How to Split Data into Training and Testing Sets in Python using sklearn?

Train And Test Split

In machine learning, it is a common practice to split your data into two different sets. These two sets are the training set and the testing set. As the name suggests, the training set is used for training the model and the testing set is used for testing the accuracy of the model.

In this tutorial, we will:

  • first, learn the importance of splitting datasets
  • then see how to split data into two sets in Python

Why do we need to split data into training and testing sets?

While training a machine learning model we are trying to find a pattern that best represents all the data points with minimum error. While doing so, two common errors come up. These are overfitting and underfitting.

Underfitting

Underfitting is when the model is not even able to represent the data points in the training dataset. In the case of under-fitting, you will get a low accuracy even when testing on the training dataset.

Underfitting usually means that your model is too simple to capture the complexities of the dataset.

Overfitting

Overfitting is the case when your model represents the training dataset a little too accurately. This means that your model fits too closely. In the case of overfitting, your model will not be able to perform well on new unseen data. Overfitting is usually a sign of model being too complex.

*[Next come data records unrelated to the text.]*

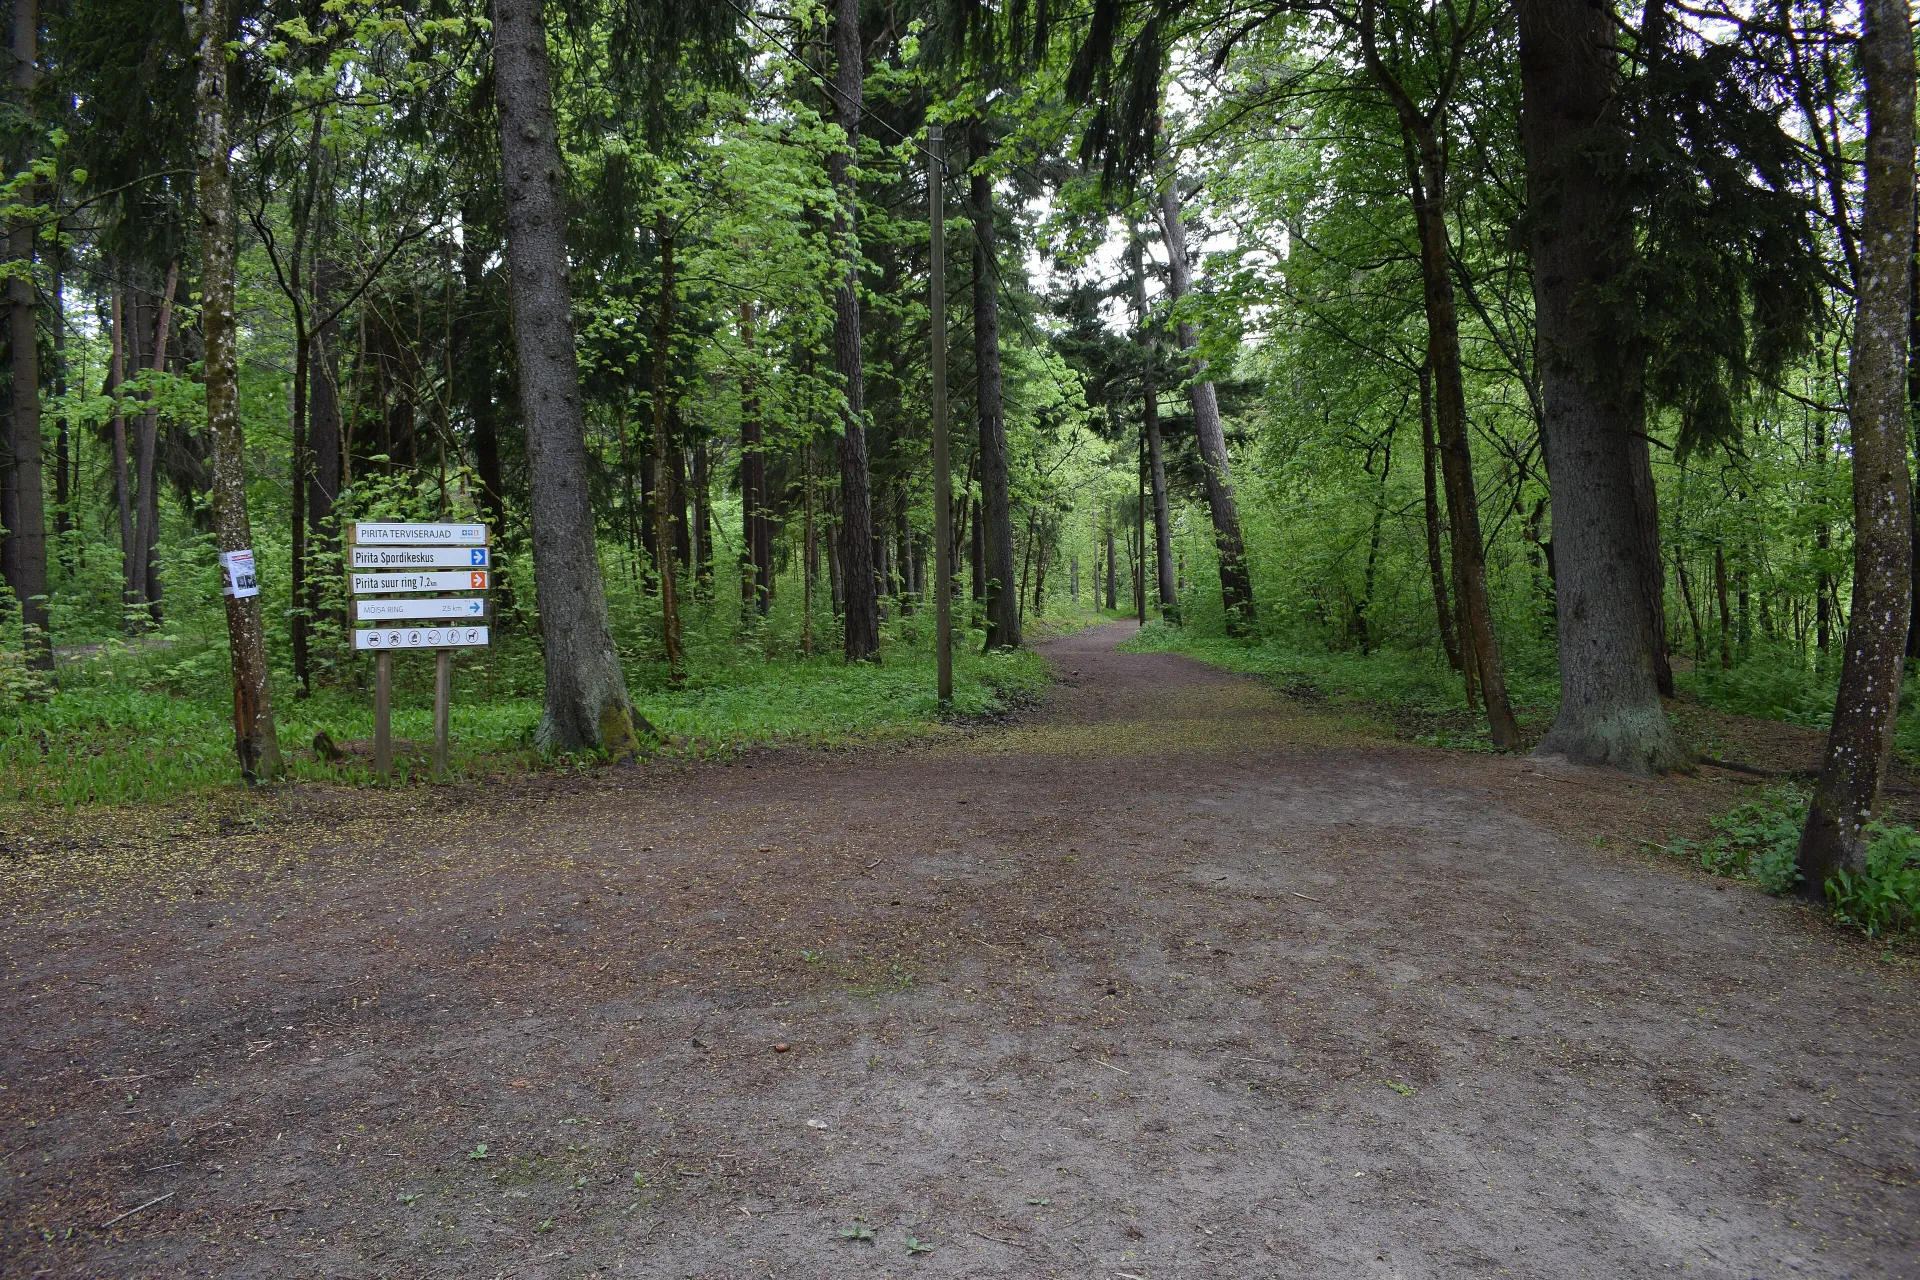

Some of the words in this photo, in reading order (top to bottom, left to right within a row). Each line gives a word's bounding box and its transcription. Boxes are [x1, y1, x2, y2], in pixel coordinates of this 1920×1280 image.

[361, 530, 388, 538] PIRITA
[389, 530, 452, 538] TERVISERAJAD
[355, 552, 379, 564] Pirita
[381, 552, 434, 565] Spordikeskus
[355, 577, 379, 589] Pirita
[381, 578, 399, 588] suur
[401, 577, 417, 589] ring
[363, 605, 386, 614] MÕISA
[387, 605, 404, 613] RING

Both over-fitting and under-fitting are undesirable.

Should we test on training data?

Ideally, you should not test on training data. Your model might be overfitting the training set and hence will fail on new data.

Good accuracy in the training dataset can’t guarantee the success of your model on unseen data.

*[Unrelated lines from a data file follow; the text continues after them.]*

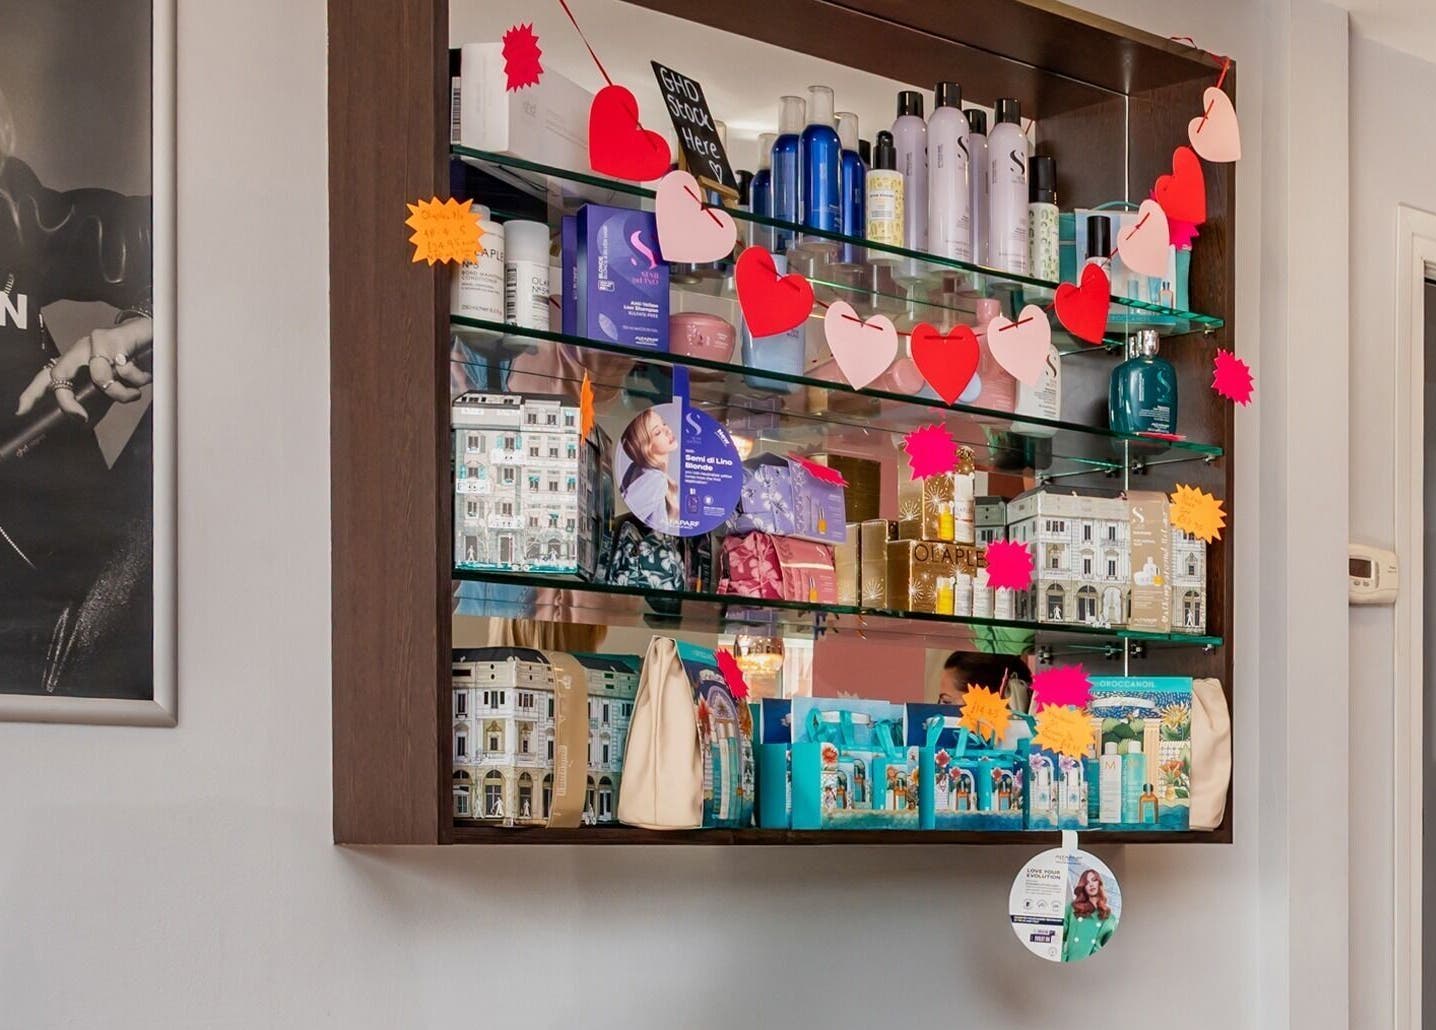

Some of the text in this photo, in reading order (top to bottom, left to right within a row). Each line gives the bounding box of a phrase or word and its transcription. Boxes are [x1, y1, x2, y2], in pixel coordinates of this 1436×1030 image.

[660, 67, 699, 102] GHD
[667, 94, 714, 132] Stock
[682, 127, 720, 159] Here
[716, 428, 730, 445] New
[685, 454, 733, 466] Semi di Lino
[685, 462, 713, 472] Blonde
[914, 543, 989, 568] OLAPLE

This is why it is recommended to keep training data separate from the testing data.

The basic idea is to use the testing set as unseen data.

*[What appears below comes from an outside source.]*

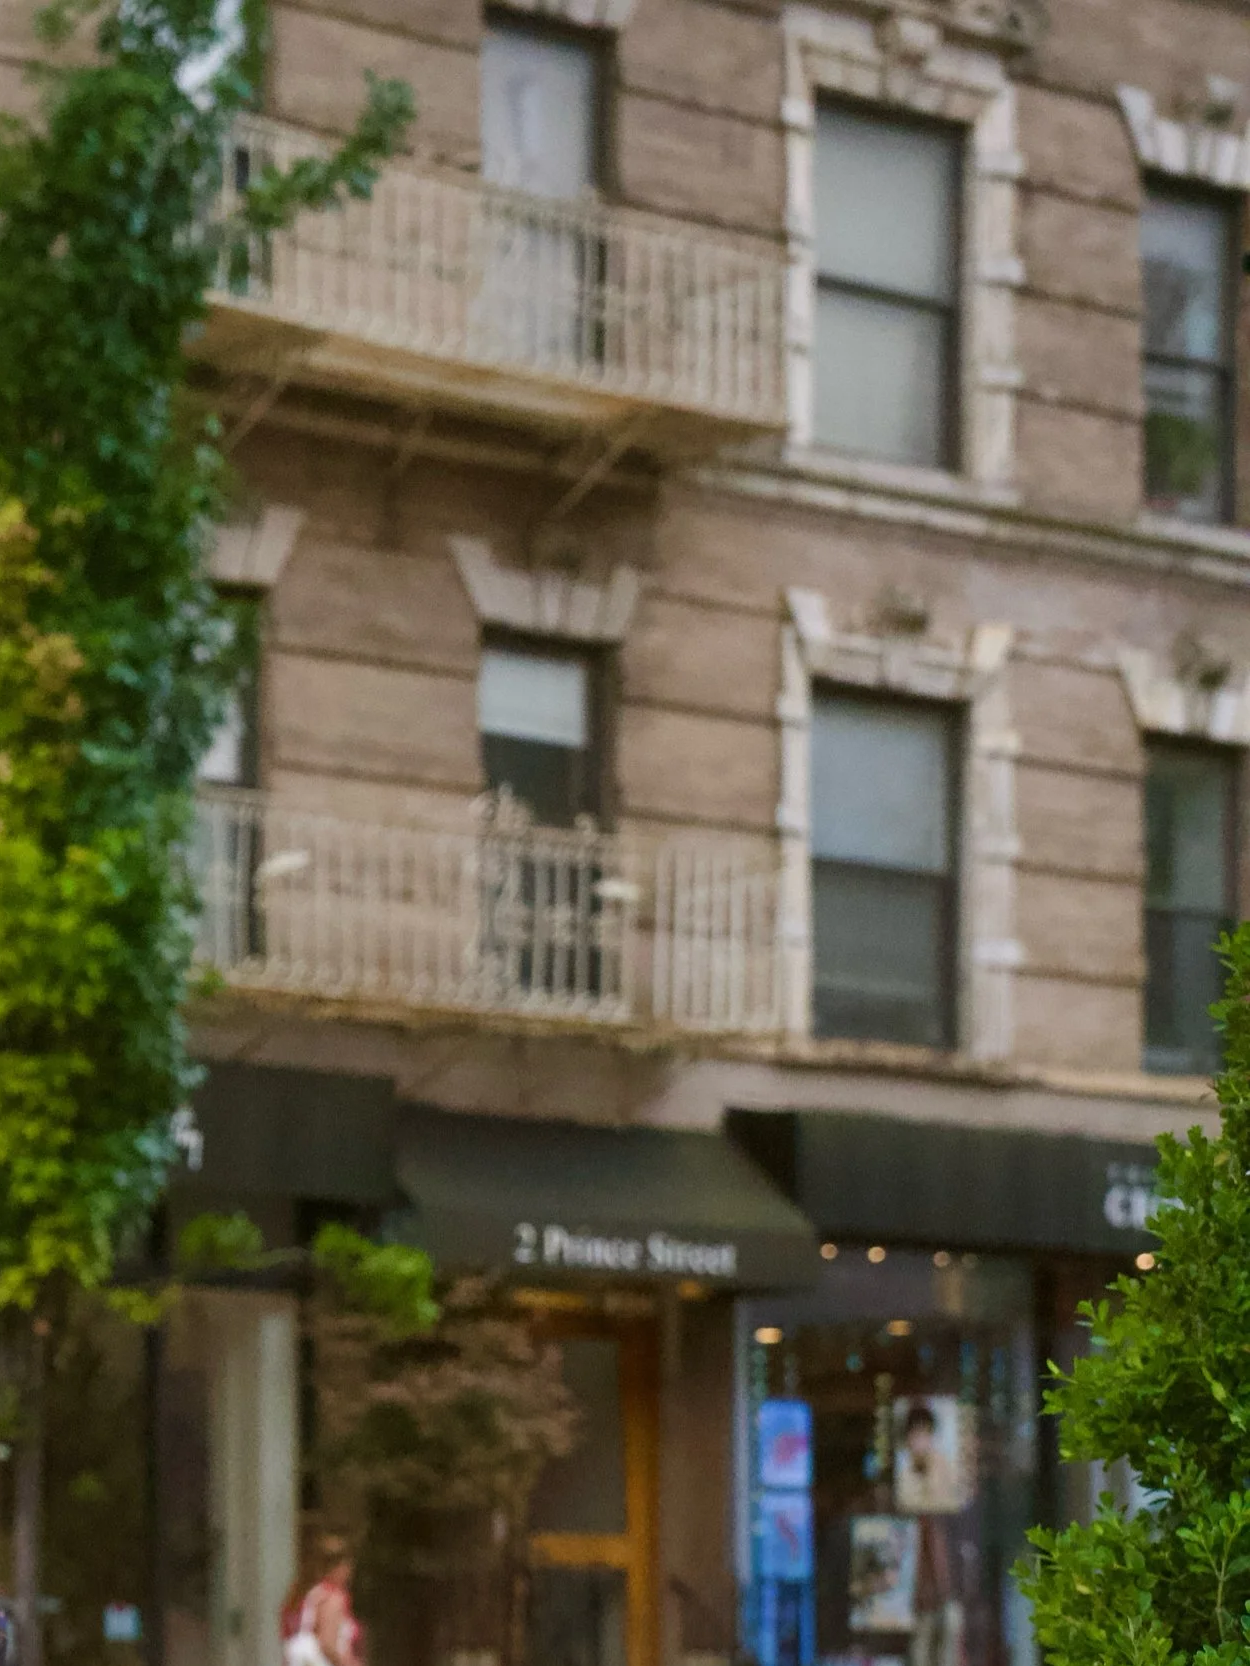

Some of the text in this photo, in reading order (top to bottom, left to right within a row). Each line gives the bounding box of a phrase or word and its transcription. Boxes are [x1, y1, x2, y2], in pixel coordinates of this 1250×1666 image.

After training your data on the training set you should test your model on the testing set.

If your model performs well on the testing set, you can be more confident about your model.

How to split training and testing data sets in Python?

The most common split ratio is 80:20.

That is 80% of the dataset goes into the training set and 20% of the dataset goes into the testing set.

Before splitting the data, make sure that the dataset is large enough. Train/Test split works well with large datasets.

Let’s get our hands dirty with some code.

1. Import the entire dataset

We are using the California Housing dataset for the entirety of the tutorial.

Let’s start with importing the data into a data frame using Pandas.

You can install pandas using the pip command:

pip install pandas

Import the dataset into a pandas Dataframe using :

import pandas as pd
housing = pd.read_csv("/sample_data/california_housing.csv")
housing.head()
Housing Dataframe 1
Housing Dataframe

Let’s treat the median_income column as the output (Y).

y= housing.median_income

Simultaneously we will have to drop the column from dataset to form the input vector.

x=housing.drop('median_income',axis=1)

You can use the .head() method in Pandas to see what the input and output look like.

x.head()
Input
Input X
y.head()
Output Y
Output Y

Now that we have our input and output vectors ready, we can split the data into training and testing sets.

2. Split the data using sklearn

To split the data we will be using train_test_split from sklearn.

train_test_split randomly distributes your data into training and testing set according to the ratio provided.

Let’s see how it is done in python.

x_train,x_test,y_train,y_test=train_test_split(x,y,test_size=0.2)

Here we are using the split ratio of 80:20. The 20% testing data set is represented by the 0.2 at the end.

To compare the shape of different testing and training sets, use the following piece of code:

print("shape of original dataset :", housing.shape)
print("shape of input - training set", x_train.shape)
print("shape of output - training set", y_train.shape)
print("shape of input - testing set", x_test.shape)
print("shape of output - testing set", y_test.shape)

This gives the following output.

Shape

The Complete Code

The complete code for this splitting training and testing data is as follows :

import pandas as pd
housing = pd.read_csv("/sample_data/california_housing.csv")
print(housing.head())

#output
y= housing.median_income

#input
x=housing.drop('median_income',axis=1)

#splitting
x_train,x_teinst,y_train,y_test=train_test_split(x,y,test_size=0.2)

#printing shapes of testing and training sets :
print("shape of original dataset :", housing.shape)
print("shape of input - training set", x_train.shape)
print("shape of output - training set", y_train.shape)
print("shape of input - testing set", x_test.shape)
print("shape of output - testing set", y_test.shape)

Conclusion

In this tutorial, we learned about the importance of splitting data into training and testing sets. Furthermore, we imported a dataset into a pandas Dataframe and then used sklearn to split the data into training and testing sets.